An original rap written by Liz Schranck. (C) 2013 Liz Schranck
Lyrics: St. Louis is a city, yeah, a city with crime, But crime is everywhere you go, it ain't hard to find. So why, you ask, was St. Louis No. 2 On Forbes' dangerous city list? Let me tell you--
As a small little town that sits on the bank, Of the Mississippi River, St. Louis is ranked No. 3 for assault and No. 5 for robbery, So bein' self aware is the way to be.
But as we look at the facts, and no I won't detract, That while these ranks are fo real, the city lines are wack. There's the county and the city, two municipalities, But the city IS a county! (What?! That's crazy!)
Yeah, I know, I'm bein' fo real-- The perception could be changed if the two could make a deal Cause what's bad for the city is bad for the county, foo, So the Lou gets a spank and a rank of No. 2.
Let's keep breakin' it down -- look at geography There's 62 miles in St. Louis city. Add 3,000 more, and that's the county's score, Which brings me to where I must implore
Forbes to look at methodology: Are auto-theft and murder the same? (That's crazy!) These deceptions if inspected and corrected could change The perceptions of St. Louis and the real crime rate!

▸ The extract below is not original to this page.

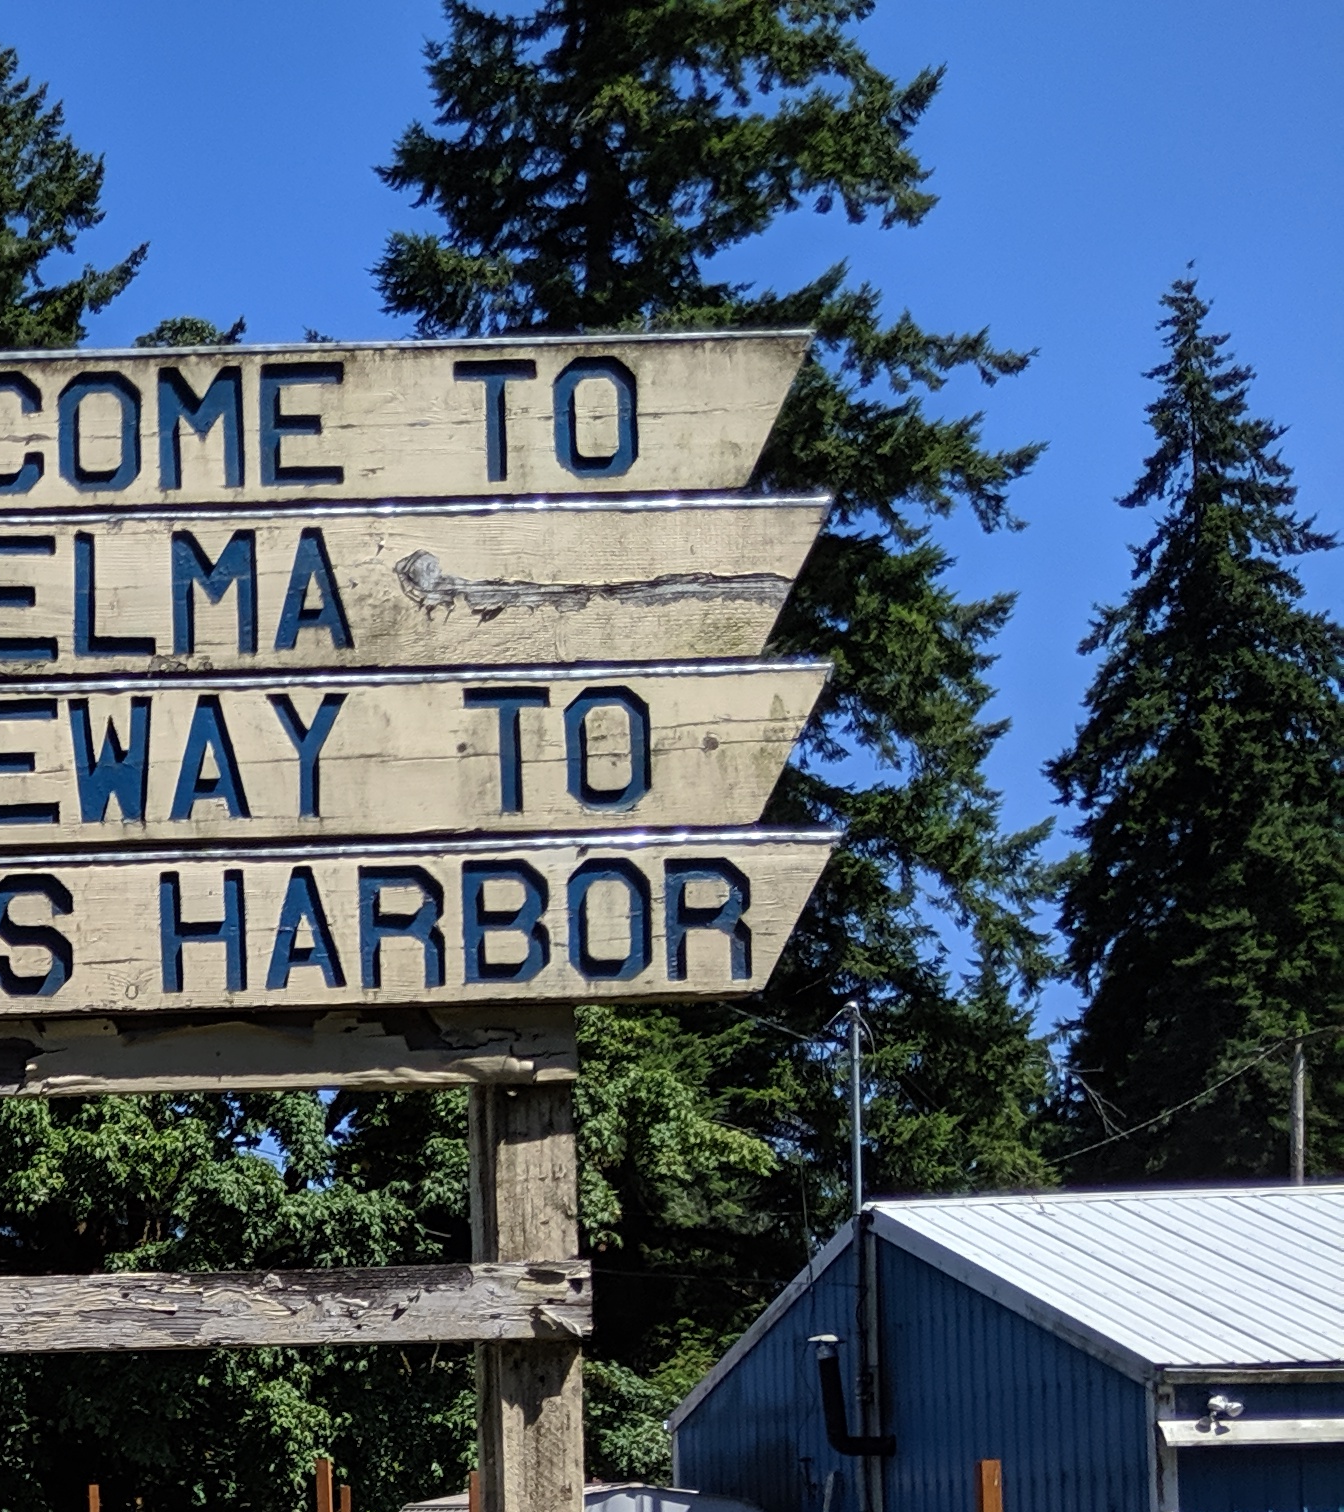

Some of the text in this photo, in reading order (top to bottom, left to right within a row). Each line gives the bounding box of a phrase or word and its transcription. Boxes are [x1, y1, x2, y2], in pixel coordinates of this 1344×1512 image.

[453, 356, 638, 482] TO
[463, 685, 651, 813] TO
[159, 857, 752, 993] HARBOR

Let's look at history Back to the 19th century, St. Louis city split from the county What if the lines were drawn as they were meant to be?
Now we took a good look at geography, So let's take a peek at inconsistencies There are factors that do matter when we're lookin' at crime Age, for example, and place and time! Reporting, too, on crime and the like, from city to city by the FBI Chicago, Minneapolis and New Orleans, Weren't even included on the listed rankings!
Let's look at history Back to the 19th century, When St. Louis city split from the county What if the lines were drawn as they were meant to be?
And I'd like to stress if the CQ Press would take one request At our behest, If you take crime stats from the Lou as a whole, We'd be ranked at this number (141), truth be told!